The Trump administration has insisted that diversity essays violate the high court’s ruling and civil rights laws against preferential treatment based on race.

The Justice Department guidelines released in July threaten to withhold federal funding from schools that use “proxies” for race in student admissions and faculty hiring.

Such proxies include asking applicants to furnish “diversity statements” or narratives of “overcoming obstacles,” the department said.

“The use of such questions designed to elicit race does violate the Supreme Court’s ruling, but proving it is another matter,” said William A. Jacobson, a Cornell University law professor and advocate for color-blind civil rights policies. “We all know that the schools are doing this to find out the race of students, but the proof would depend on the question and whether it is reasonably viewed as subterfuge.”

Nadine Jones, a New Jersey-based legal consultant and DEI advocate, disputed the Justice Department’s implication that diversity essays are equivalent to race-based admissions.

“Diversity is not synonymous with race,” said Ms. Jones, who earned her law degree from Howard University, a historically Black institution.

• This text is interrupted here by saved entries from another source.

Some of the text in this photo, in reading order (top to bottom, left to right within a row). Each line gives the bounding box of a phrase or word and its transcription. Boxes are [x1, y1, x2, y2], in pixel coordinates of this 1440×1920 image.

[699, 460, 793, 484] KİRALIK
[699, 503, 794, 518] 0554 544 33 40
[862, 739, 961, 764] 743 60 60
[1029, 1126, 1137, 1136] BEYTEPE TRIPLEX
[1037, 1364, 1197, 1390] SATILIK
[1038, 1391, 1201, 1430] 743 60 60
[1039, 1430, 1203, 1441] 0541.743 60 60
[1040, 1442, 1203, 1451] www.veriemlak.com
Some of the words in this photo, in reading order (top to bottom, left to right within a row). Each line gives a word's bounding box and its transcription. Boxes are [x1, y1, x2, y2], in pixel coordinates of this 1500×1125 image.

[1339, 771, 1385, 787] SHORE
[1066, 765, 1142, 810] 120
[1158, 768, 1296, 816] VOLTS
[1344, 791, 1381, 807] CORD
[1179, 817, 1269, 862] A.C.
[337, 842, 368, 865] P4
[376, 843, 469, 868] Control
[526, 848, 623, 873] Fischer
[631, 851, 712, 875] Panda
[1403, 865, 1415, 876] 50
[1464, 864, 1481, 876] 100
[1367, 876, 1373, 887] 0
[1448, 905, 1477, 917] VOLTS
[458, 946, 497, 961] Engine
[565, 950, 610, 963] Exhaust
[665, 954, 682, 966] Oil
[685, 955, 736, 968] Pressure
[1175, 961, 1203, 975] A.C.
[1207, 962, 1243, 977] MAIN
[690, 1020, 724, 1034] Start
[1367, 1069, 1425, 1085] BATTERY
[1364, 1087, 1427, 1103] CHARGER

The Washington Times reached out to the Trump administration for comment.

Andrew Quinio, an attorney at the conservative Pacific Legal Foundation, said the administration deserves credit for pressuring dozens of universities to drop mandatory diversity statements from applications.

“Colleges might now be using proxies to discriminate, which is illegal, but this is still a significant retreat from the direct discrimination that colleges engaged in before,” Mr. Quinio said.

Future trends

Several higher education leaders predicted that most universities will continue to use diversity essays.

“College administrators, in general, still see diversity as an overall good,” said Ronald Rychlak, a former associate law school dean at the University of Mississippi, which does not solicit diversity essays. “So I expect them to work to keep it as a factor.”

“Courts have already limited some DEI-related orders, and many institutions are waiting to see how litigation and future guidance play out before making drastic changes,” added Len Jessup, former president of the public University of Nevada-Las Vegas, which does not require diversity essays.

Nora Demleitner, the immediate past president of St. John’s College in Annapolis, said most diversity essay prompts are optional and vague enough to pass legal scrutiny.

“They are broad questions about the meaningful relationships and experiences students have had, which can range from the lacrosse team to the choir, from the Boy Scouts to a volunteer opportunity at a local retirement home,” said Ms. Demleitner, whose private Great Books campus invites applicants to discuss their backgrounds.

The conservative physician advocacy group Do No Harm, which tracks U.S. medical school diversity policies, estimates that nearly half of them have embraced “holistic admissions” as a proxy for lowering academic standards to boost the number of racial minorities training as doctors.

“Schools will continue to do this unless or until judges or lawmakers force their hand,” said Ian Kingsbury, director of Do No Harm’s Center of Accountability in Medicine.